[Records from a collection]
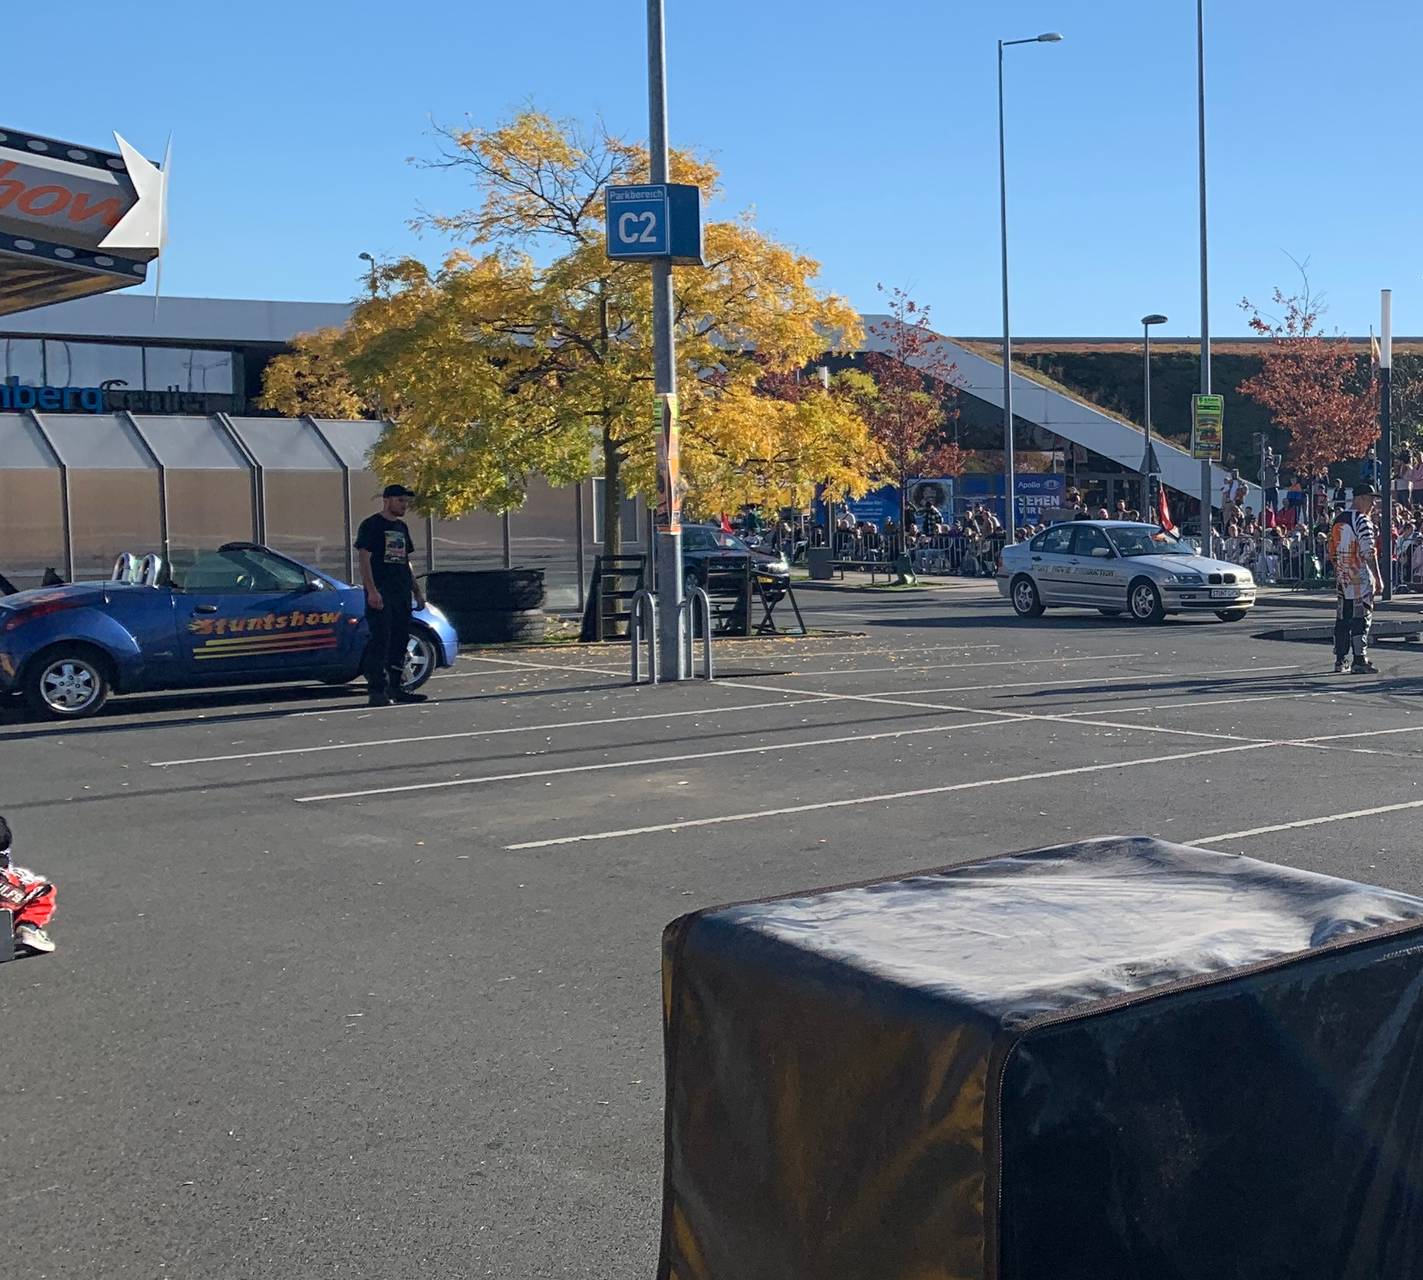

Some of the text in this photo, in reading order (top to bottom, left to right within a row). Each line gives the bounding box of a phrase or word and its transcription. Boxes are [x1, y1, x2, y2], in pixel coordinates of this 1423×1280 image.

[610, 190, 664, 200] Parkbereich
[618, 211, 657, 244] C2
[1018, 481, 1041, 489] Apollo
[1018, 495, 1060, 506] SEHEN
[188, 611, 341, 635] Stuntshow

AIM OF THE EXERCISE
Copy these entries precisely and drop any picture.

RESULT FOR THIS EXERCISE
Some of the text in this photo, in reading order (top to bottom, left to right within a row). Each line gives the bounding box of a phrase or word and its transcription. Boxes are [x1, y1, x2, y2], in pixel coordinates of this 1423×1280 image.

[610, 190, 664, 200] Parkbereich
[618, 211, 657, 244] C2
[1018, 481, 1041, 489] Apollo
[1018, 495, 1060, 506] SEHEN
[188, 611, 341, 635] Stuntshow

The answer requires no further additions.